Die Rückgabe der Gelder an Ägypten hätten für die Schweiz grosse Priorität, sagte der Schweizer Aussenminister. Das Ganze müsse aber nach rechtsstaatlichen Grundsätzen ablaufen. Die einzelnen Etappen mit ihren Einsprachemöglichkeiten nähmen viel Zeit in Anspruch. Die Schweiz stelle Ägypten Rechtsexperten zur Verfügung.

Die Bundesanwaltschaft hatte Medienberichte bestätigt, wonach in der Schweiz derzeit ägyptische Gelder in Höhe von gegen 700 Millionen US-Dollar gesperrt sind. 410 Millionen wurden auf Grund einer bundesrätlichen Verordnung blockiert, weitere 290 Millionen im Rahmen einer beschleunigten Untersuchung in Zusammenarbeit mit den ägyptischen Behörden.

Neben einer Strafuntersuchung wegen Verdachts auf Geldwäscherei und auf Beteiligung an bzw.
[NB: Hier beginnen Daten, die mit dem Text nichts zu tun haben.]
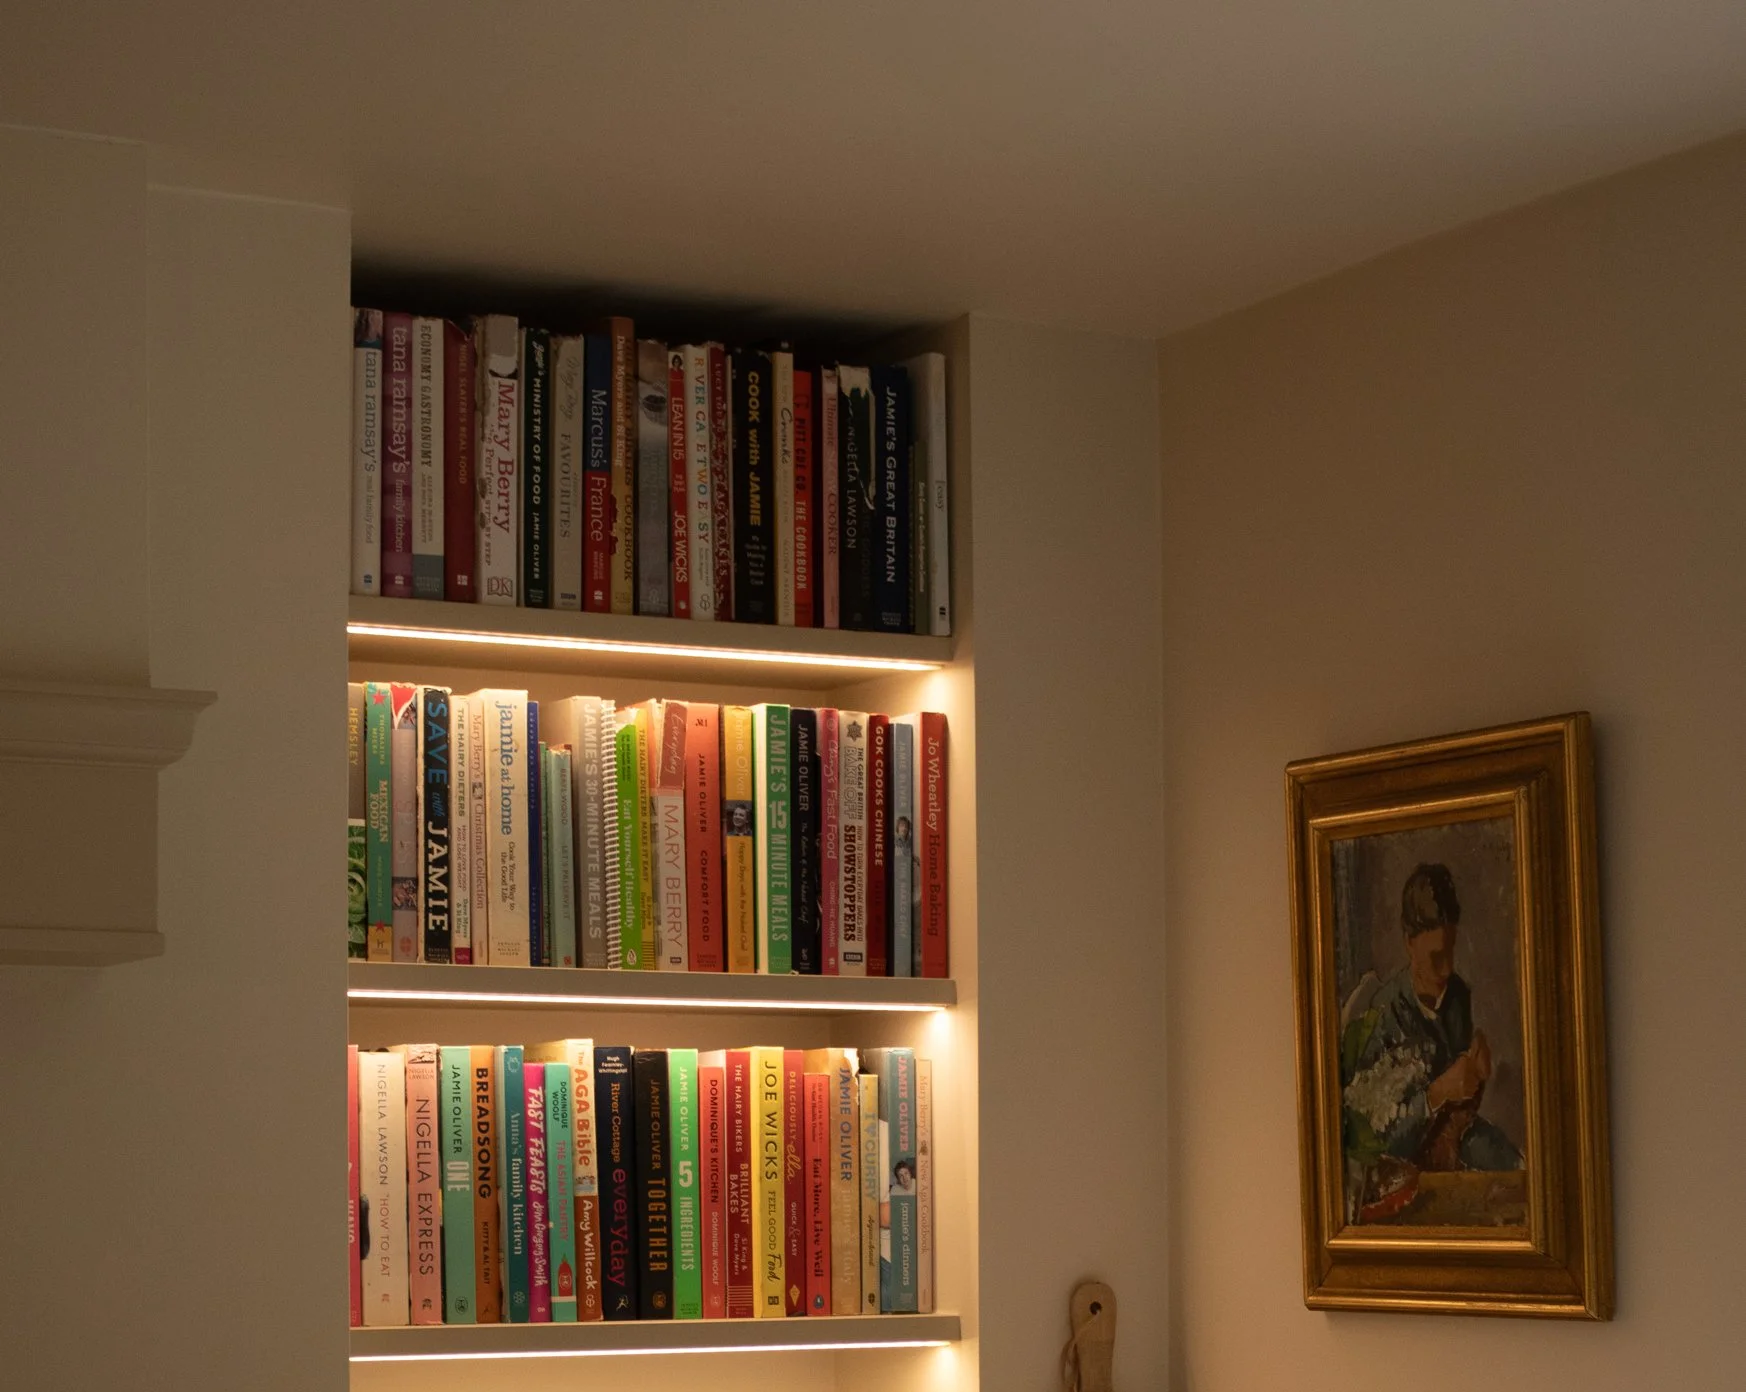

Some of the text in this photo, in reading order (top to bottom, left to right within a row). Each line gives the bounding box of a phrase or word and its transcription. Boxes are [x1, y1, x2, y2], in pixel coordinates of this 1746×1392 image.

[365, 351, 378, 390] tana
[421, 325, 431, 381] ECONOMY
[614, 364, 625, 398] Myers
[616, 335, 625, 361] Dave
[361, 394, 378, 472] ramsay's
[421, 385, 432, 467] GASTRONOMY
[616, 401, 625, 422] and
[748, 371, 759, 422] COOK
[388, 327, 410, 552] tana ramsay's family kitchen
[494, 383, 514, 533] Mary Berry
[590, 389, 607, 541] Marcus's France
[614, 438, 625, 467] King
[749, 429, 759, 465] with
[364, 493, 373, 521] family
[559, 433, 571, 538] FAVOURITES
[749, 472, 761, 526] JAMIE
[885, 386, 896, 584] JAMIE'S GREAT BRITAIN
[365, 523, 373, 544] food
[532, 512, 541, 580] JAMIE OLIVER
[675, 511, 688, 583] JOE WICKS
[795, 500, 806, 589] THE COOKBOOK
[350, 708, 358, 766] HEMSLEY
[457, 708, 465, 729] THE
[457, 732, 465, 766] HAIRY
[495, 702, 517, 835] jamie at home
[798, 724, 809, 811] JAMIE OLIVER
[824, 740, 838, 859] Ching's Fast Food
[844, 746, 857, 820] BAKE OFF
[875, 726, 884, 866] GOK COOKS CHINESE
[927, 737, 941, 830] Jo Wheatley
[370, 793, 379, 828] FOOD
[379, 780, 388, 842] MEXICAN
[428, 702, 448, 930] SAVE with JAMIE
[584, 704, 601, 938] JAMIE'S 30-MINUTE MEALS
[771, 715, 788, 941] JAMIE'S 15 MINUTE MEALS
[475, 803, 485, 909] Christmas Collection
[664, 805, 682, 947] MARY BERRY
[701, 851, 709, 904] COMFORT
[844, 825, 856, 941] SHOWSTOPPERS
[927, 834, 941, 936] Home Baking
[378, 1065, 388, 1185] NIGELLA LAWSON
[452, 1065, 462, 1154] JAMIE OLIVER
[477, 1068, 491, 1198] BREADSONG
[560, 1082, 568, 1128] DOMINIQUE
[575, 1069, 589, 1113] AGA
[651, 1080, 661, 1170] JAMIE OLIVER
[680, 1067, 689, 1151] JAMIE OLIVER
[765, 1061, 777, 1180] JOE WICKS
[840, 1068, 852, 1180] JAMIE OLIVER
[898, 1057, 909, 1152] JAMIE OLIVER
[447, 1161, 469, 1191] ONE
[528, 1087, 544, 1194] FAST FEASTS
[577, 1119, 590, 1167] Bible
[710, 1080, 719, 1203] DOMINIQUE'S KITCHEN
[735, 1119, 743, 1153] BIKERS
[787, 1144, 800, 1181] ella
[416, 1099, 433, 1275] NIGELLA EXPRESS
[511, 1112, 523, 1255] Anna's family kitchen
[608, 1083, 629, 1286] River Cottage everyday
[648, 1178, 667, 1271] TOGETHER
[679, 1161, 693, 1271] 5 INGREDIENTS
[730, 1174, 739, 1213] BAKES
[740, 1163, 749, 1224] BRILLIANT
[920, 1160, 929, 1254] New Aga Cookbook
[483, 1254, 490, 1264] AL
[580, 1200, 597, 1289] Amy Willcock
[767, 1254, 781, 1282] Food
[769, 1218, 777, 1250] GOOD
[900, 1202, 911, 1286] jamie's dinners
Unterstützung einer kriminellen Organisation kommt die Bundesanwaltschaft laut ihren Angaben drei Rechtshilfegesuchen aus Ägypten nach. Dabei geht es um Personen im Umfeld des ehemaligen Machthabers Husni Mubarak.

Demokratiebemühungen vorantreiben

Burkhalter versicherte seinen ägyptischen Gesprächspartnern zudem, dass die Schweiz grosse Anstrengungen für die Schaffung von Arbeitsplätzen und für alles, was Demokratie und Menschenrechte betrifft, unternehme. Dies setze aber voraus, dass Ägypten via Gesetzgebung die Voraussetzungen schaffe, dass eine Zusammenarbeit mit privaten Firmen und Nicht-Regierungsorganisationen möglich werde.

Burkhalter sprach auch die Ratifizierung der Antifolter- und Frauenrechtskonvention durch Ägypten an. Dies seien zwei sehr wichtige Elemente auf dem Weg zur Demokratie, rief der Schweizer Aussenminister in Erinnerung.